I arrived on my scheduled day and was assigned to a creative station making masks with the children. The children would loop around the many stations, laughing, making masks, musical instruments, kites with streamers, etc. They were entertained by a wonderful group of peers and mentors who danced and sang for them. They ate, and played like carefree children. All I remember was the smiles and love. That day felt like a gift to me instead of a gift to the children. I was delighted in being able to participate in that level of joy and creativity. For the children who ran around that day with food smeared on their faces and glue on their fingers, this was a crack in the wall of despair, it was their hope.

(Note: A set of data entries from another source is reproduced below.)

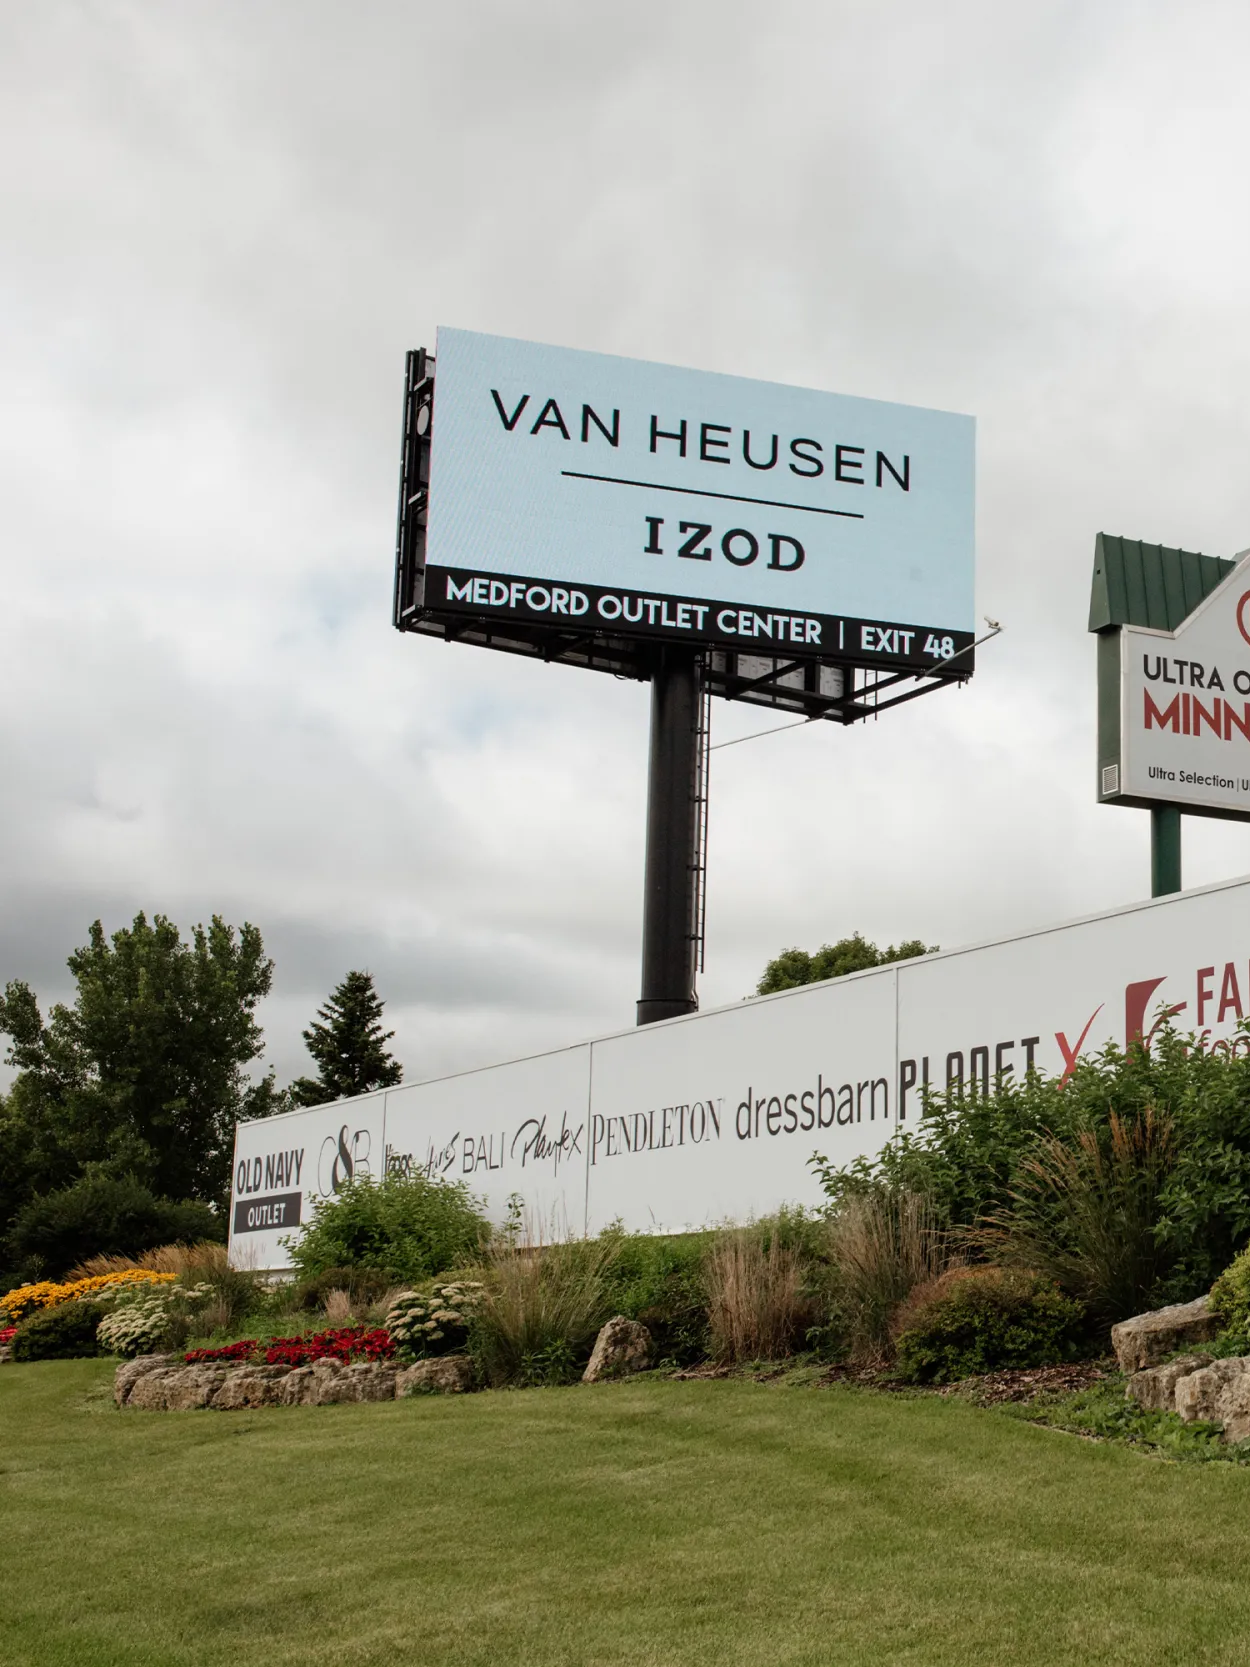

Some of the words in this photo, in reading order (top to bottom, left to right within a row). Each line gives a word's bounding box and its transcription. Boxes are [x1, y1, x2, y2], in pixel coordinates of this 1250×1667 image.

[490, 389, 620, 447] VAN
[649, 414, 910, 492] HEUSEN
[643, 516, 806, 572] IZOD
[446, 574, 589, 615] MEDFORD
[597, 594, 710, 630] OUTLET
[716, 609, 822, 645] CENTER
[860, 625, 915, 655] EXIT
[922, 633, 955, 660] 48
[1143, 654, 1225, 691] ULTRA
[1148, 766, 1175, 781] Ultra
[1179, 770, 1234, 788] Selection
[591, 1098, 725, 1166] PENDLETON
[736, 1074, 888, 1140] dressbarn
[236, 1156, 263, 1195] OLD
[264, 1147, 304, 1190] NAVY
[462, 1132, 505, 1174] BALI
[511, 1110, 583, 1178] Playtex
[247, 1202, 286, 1228] OUTLET

Free Arts NYC is of course funded by a generous family of sponsors that include such corporate entities as Goldman Sachs, ABC/Disney, and Bloomingdales. Besides Free Arts Days (FAD), it has Weekly Mentor Programs, Parent-Child Programs (PACT), and many special events including watching a Broadway show. Imagine the dreams inspired by a viewing of the award-winning Lion King performed in Times Square under all the dazzle of mid-town. Once a year, Free Arts NYC holds a fund-raising event where one-of-a-kind, Polaroid artwork is auctioned off to benefit the Free Arts NYC children. This year it was held at Phillips de Pury & Co. Auction house on May 24. Artists who participate include Julian Schnabel, William Wegman and Lou Reed. They had a live and silent auction, filled with fantasy items, including trips to exotic places. It was a star studded event with the likes of Sean Penn and Donna Karan. This year the event made over $300,000.

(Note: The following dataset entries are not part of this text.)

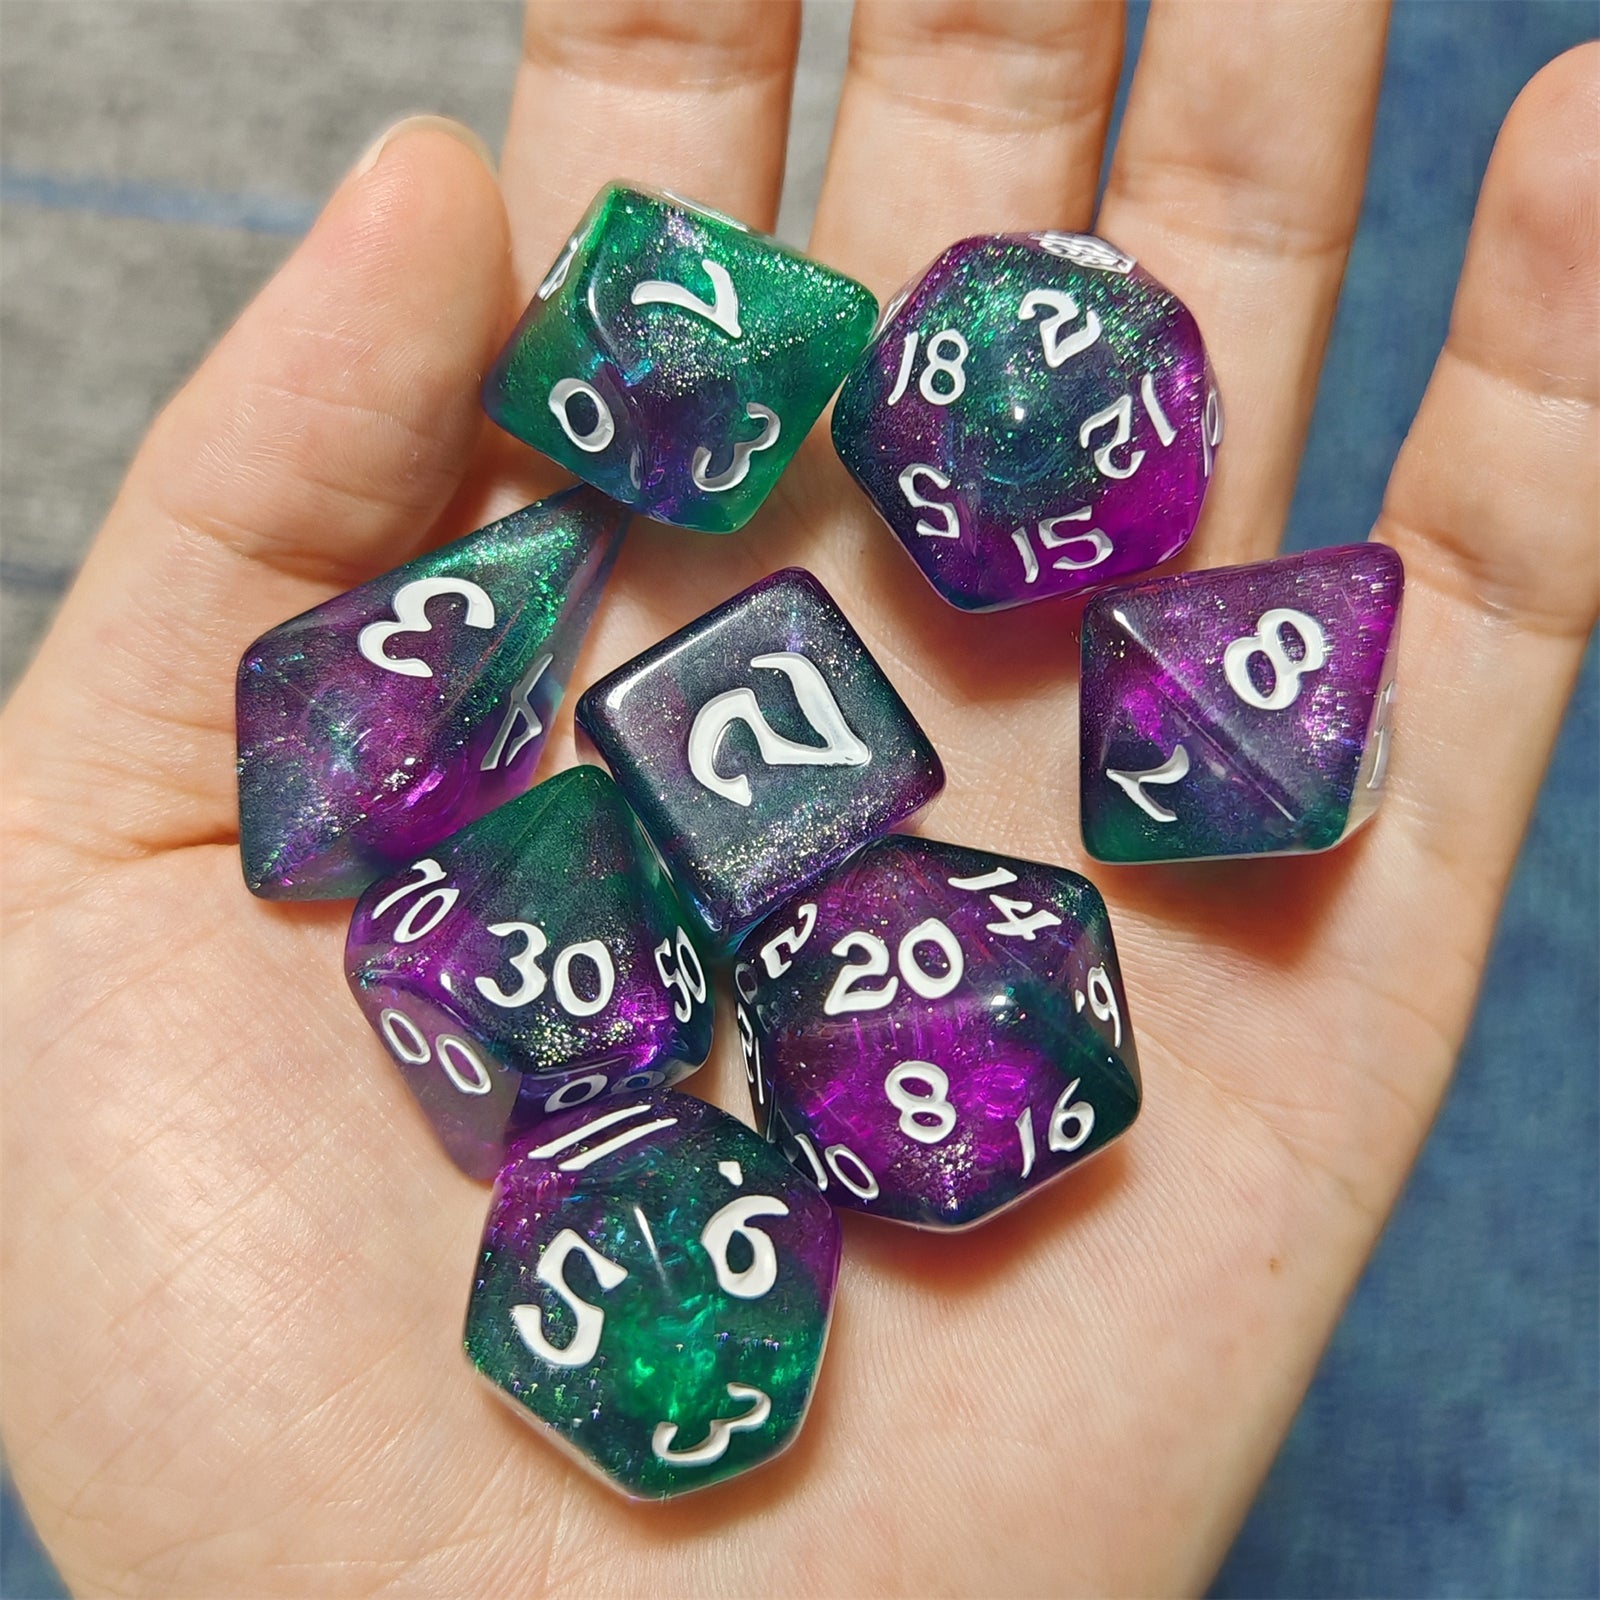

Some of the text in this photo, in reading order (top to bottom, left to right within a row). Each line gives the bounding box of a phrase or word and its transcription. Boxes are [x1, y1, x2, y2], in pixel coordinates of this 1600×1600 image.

[630, 259, 742, 339] 7
[1018, 288, 1102, 368] 2
[887, 328, 969, 406] 18
[547, 377, 615, 453] 0
[692, 402, 781, 492] 3
[1079, 372, 1178, 480] 12
[898, 462, 961, 539] 5
[1011, 505, 1113, 583] 15
[357, 576, 496, 678] 3
[1223, 608, 1327, 710] 8
[688, 652, 872, 807] 2
[760, 903, 818, 980] 2
[947, 867, 1063, 941] 14
[474, 921, 616, 1017] 30
[654, 926, 707, 1024] 50
[824, 917, 964, 1016] 20
[381, 1007, 492, 1095] 00
[884, 1060, 957, 1144] 8
[1014, 1077, 1096, 1180] 16
[794, 1132, 880, 1201] 10
[511, 1228, 629, 1368] 5
[651, 1382, 773, 1467] 3

Bravo, Free Arts, bravo. Although I have been a busy mama lately and not able to volunteer, I thank God for you every time I say my prayers. My own child plays on the streets of New York every day. Because of you, there is one more hope-filled child to run and hug and swing with his/her pals Jax, and Brody. Amen, amen.

*Statistics compiled from the NYC Administration for Children’s Services and the National Committee to Prevent Child Abuse.

**Statistics compiled from: President’s Committee on Arts and Humanities, “Living the Arts Through Language and Learning”, The National Committee to Prevent Child Abuse, Big Brothers/Big Sisters, “Involvement in the Arts and Success in Secondary Schools”.